Jurors in Warren County Circuit Court deliberated for more than three hours before acquitting Trevillion, 37, of all charges at about 4:15 p.m.
“The jury did a good job,” said Trevillion’s attorney, Louis Field, who had earlier argued that a reasonable doubt existed. “I think they required the state to prove what they are supposed to prove under the law, and we wound up with the right result.”
Except for a gasp from one observer, the courtroom remained quiet when the verdict was read. Trevillion remained seated next to his defense counsel.
Based on the verdict, charges against a fifth man indicted for 25-year-old Justin Maurice Harris’ murder, Rufus Armstrong, will be dismissed, said District Attorney Ricky Smith. The facts of Armstrong’s case are virtually identical to Alonzo Trevillion’s, he said.
During the three-day trial, jurors were told that Trevillion was present at the scene of Harris in the early morning hours of June 17, 2007.
His three brothers, Anthony and Armond Trevillion, who fired weapons, and Matthew Nash, who lured the victim out of his house and into the line of fire, are all serving life sentences plus more than 50 years each in prison.
Alonzo Trevillion, who also faced two counts of aggravated assault and one count of shooting into an occupied dwelling, did not testify in his own defense.
His statement to police after Harris’ death was introduced, however. It showed that he tried to talk his brothers out of going to Harris’ home and shooting him, but that he was also the driver of a car that took them to the scene of the shooting, 1224 Grammar St., and, later, to a convenience store in Louisiana where they got chips and drinks.
The brothers were angry with Harris after he fought with Anthony Trevillion at a downtown nightclub earlier that night, according to testimony in the cases.
Assistant District Attorney Dewey Arthur told jurors that Alonzo Trevillion’s role in aiding, abetting and participating made him guilty just as if he had pulled the trigger. “The law says, if you deliberately associate yourself, you are guilty,” Arthur said during his closing argument.
But Field argued that Alonzo Trevillion is an example of why people stand back and don’t try to stop a crime that’s unfolding. “They’re afraid they’ll get caught up in it,” he said. “Alonzo Trevillion did,” he said, trying to be his brothers’ keeper.

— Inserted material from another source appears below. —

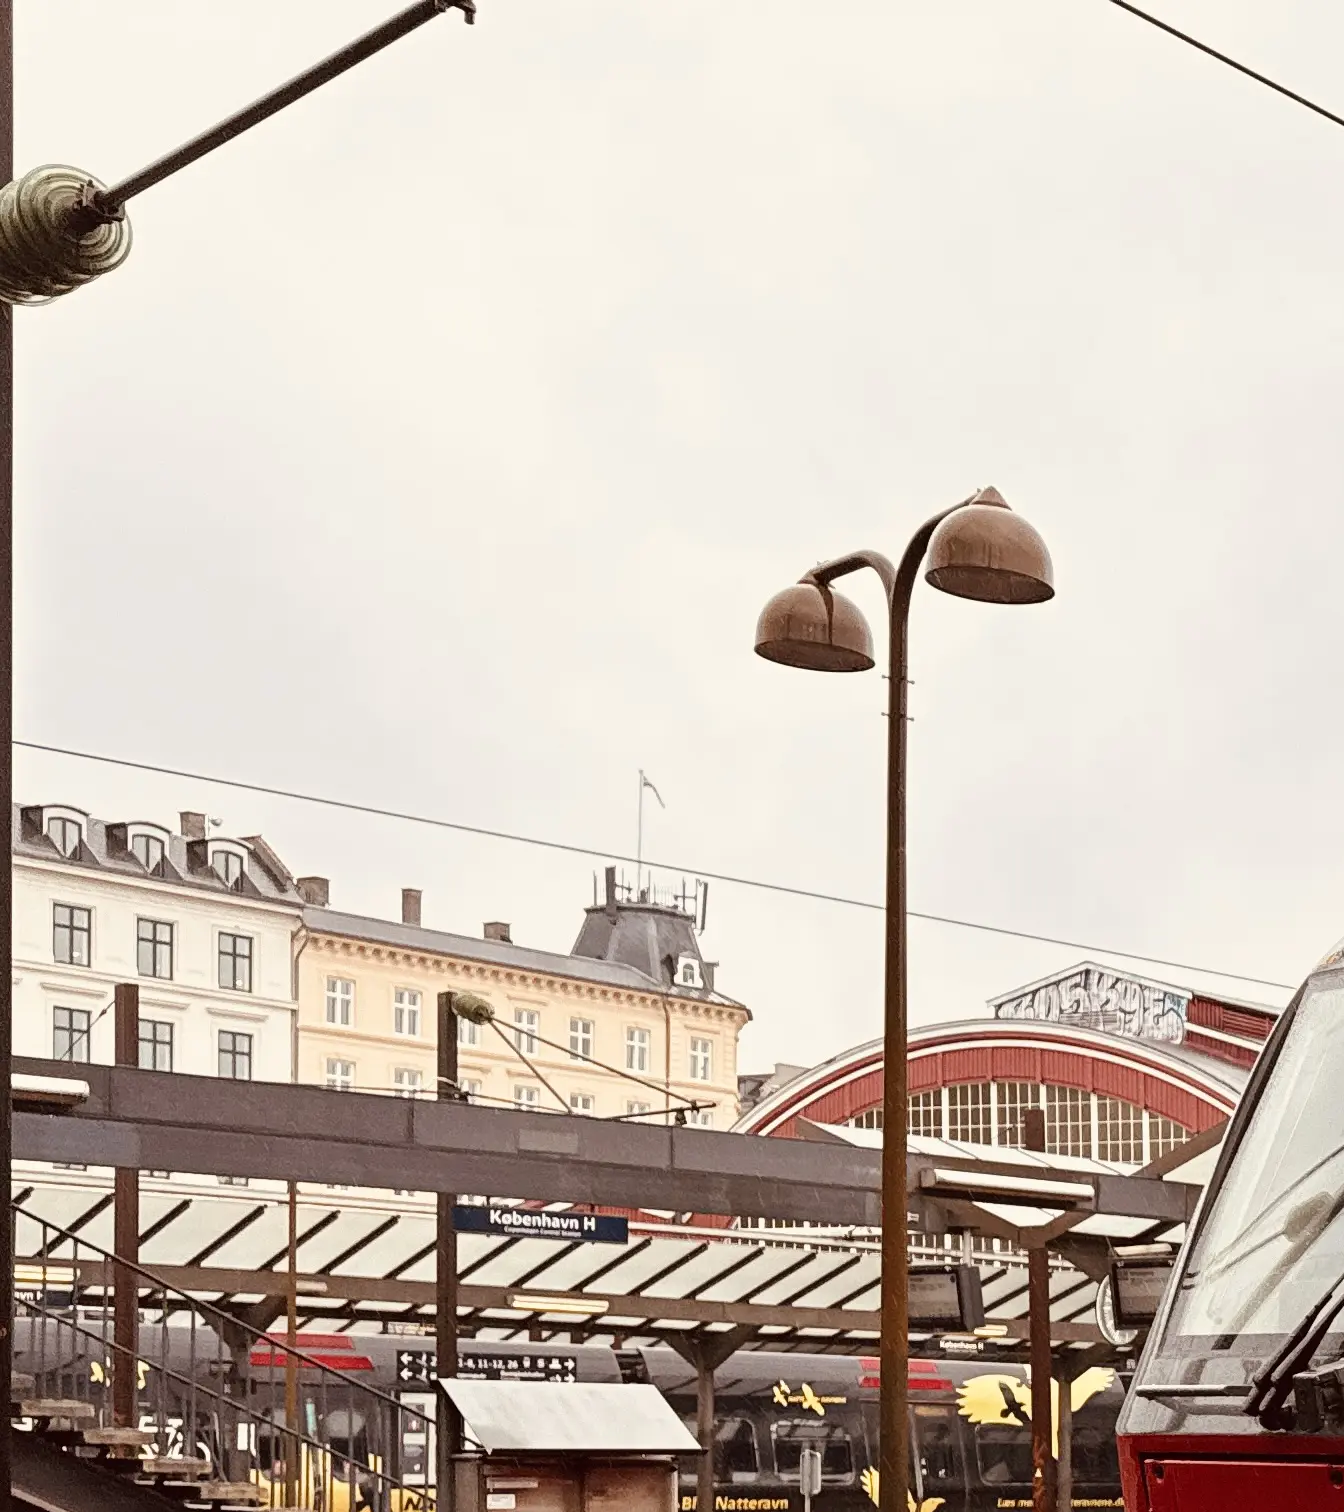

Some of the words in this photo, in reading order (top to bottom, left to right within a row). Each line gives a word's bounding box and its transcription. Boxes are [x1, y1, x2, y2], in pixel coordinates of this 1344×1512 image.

[489, 1208, 579, 1230] København
[583, 1216, 596, 1231] H
[715, 1496, 789, 1511] Natteravn
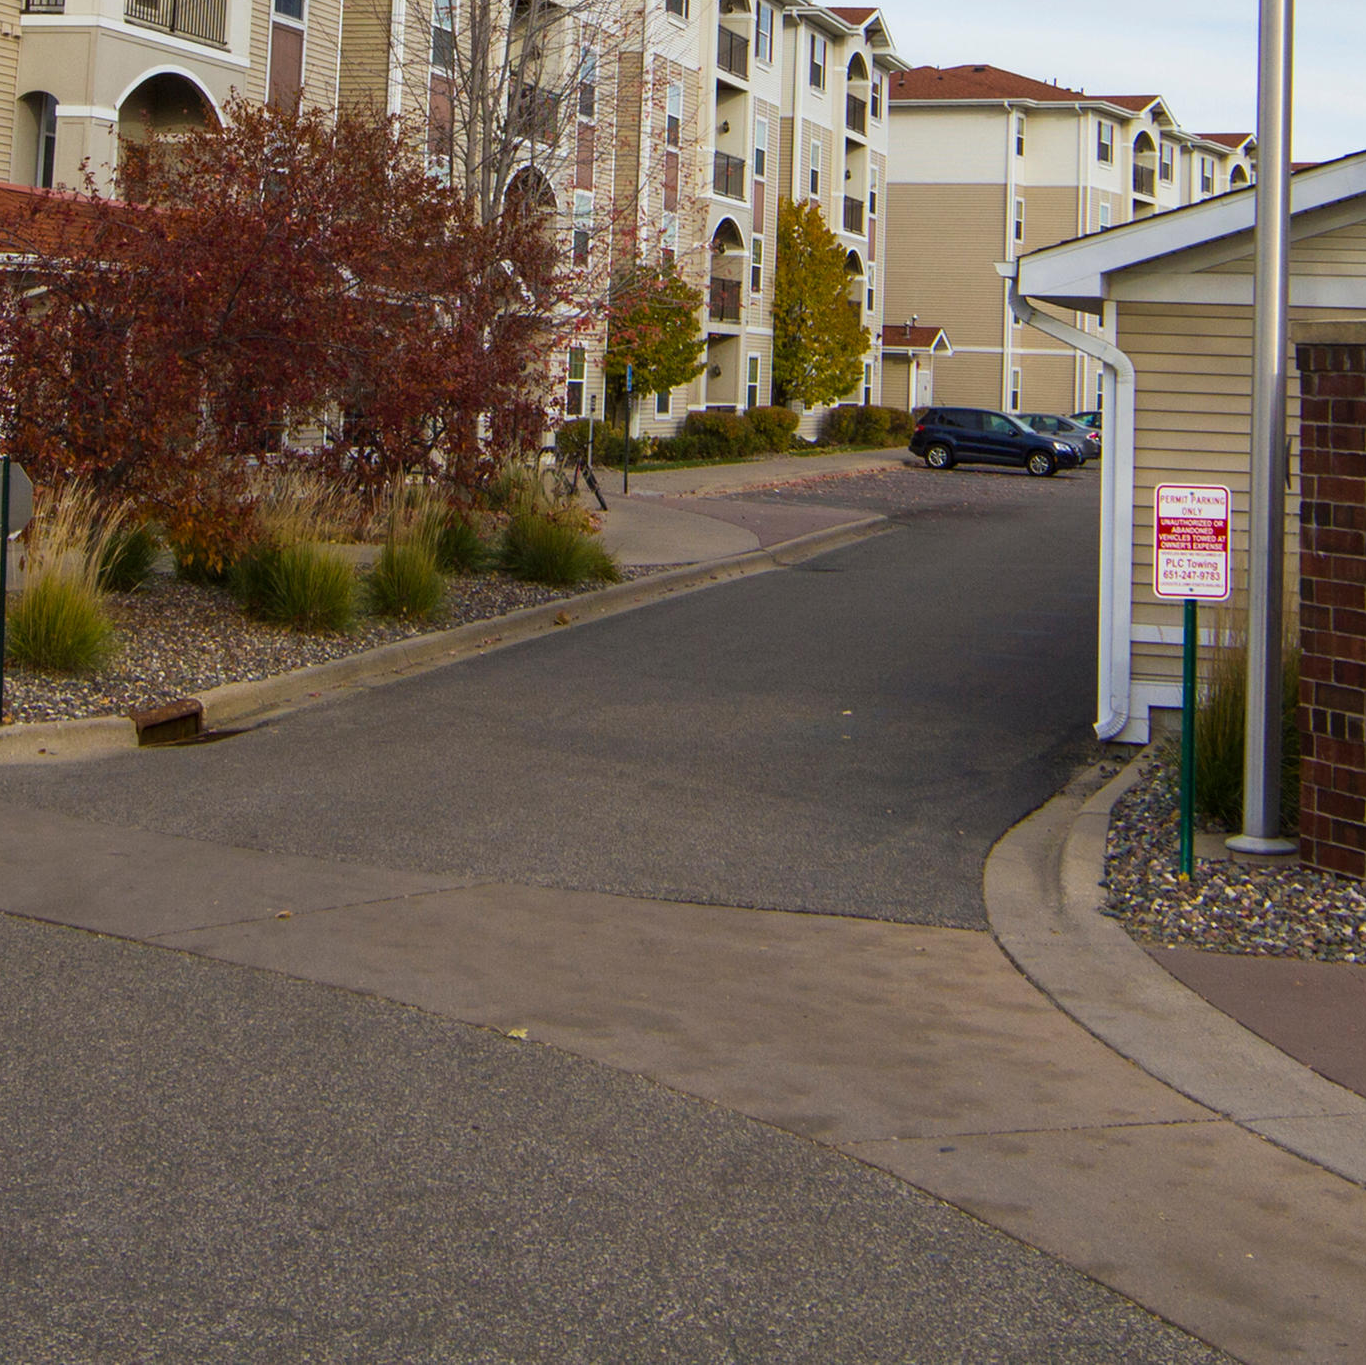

“I respect the decision of the jury,” Smith said later, “but I believe they were probably concerned with the severity of the penalty if they found him guilty.” Smith said a murder conviction — and mandatory sentence of life in prison — when Trevillion did not pull the trigger might have seemed too much for the panel.
He could have been charged with accessory after the fact, Smith said, “but we believed and still believe he acted in concert with his brothers in carrying out the shooting.”
The case is the first Smith has lost in Warren County since being elected two years ago as DA for the 9th Circuit Court, which also includes Sharkey and Issaquena counties. A Sharkey County jury returned a not guilty verdict earlier this year for three men accused of a Cary murder.
Alonzo Trevillion, who has been in the Warren County Jail since his arrest after Harris’ death, was not immediately released. Pending charges of possession of marijuana are still in effect against him from a 2007 grand jury indictment. Circuit Judge M. James Chaney set bond in that case for $5,000 immediately after releasing the jurors Wednesday, and Trevillion was returned to the jail.
The trial featured a visit by jurors and court officers Tuesday to the site of the shooting on Grammar Street and a short court session aboard a school bus.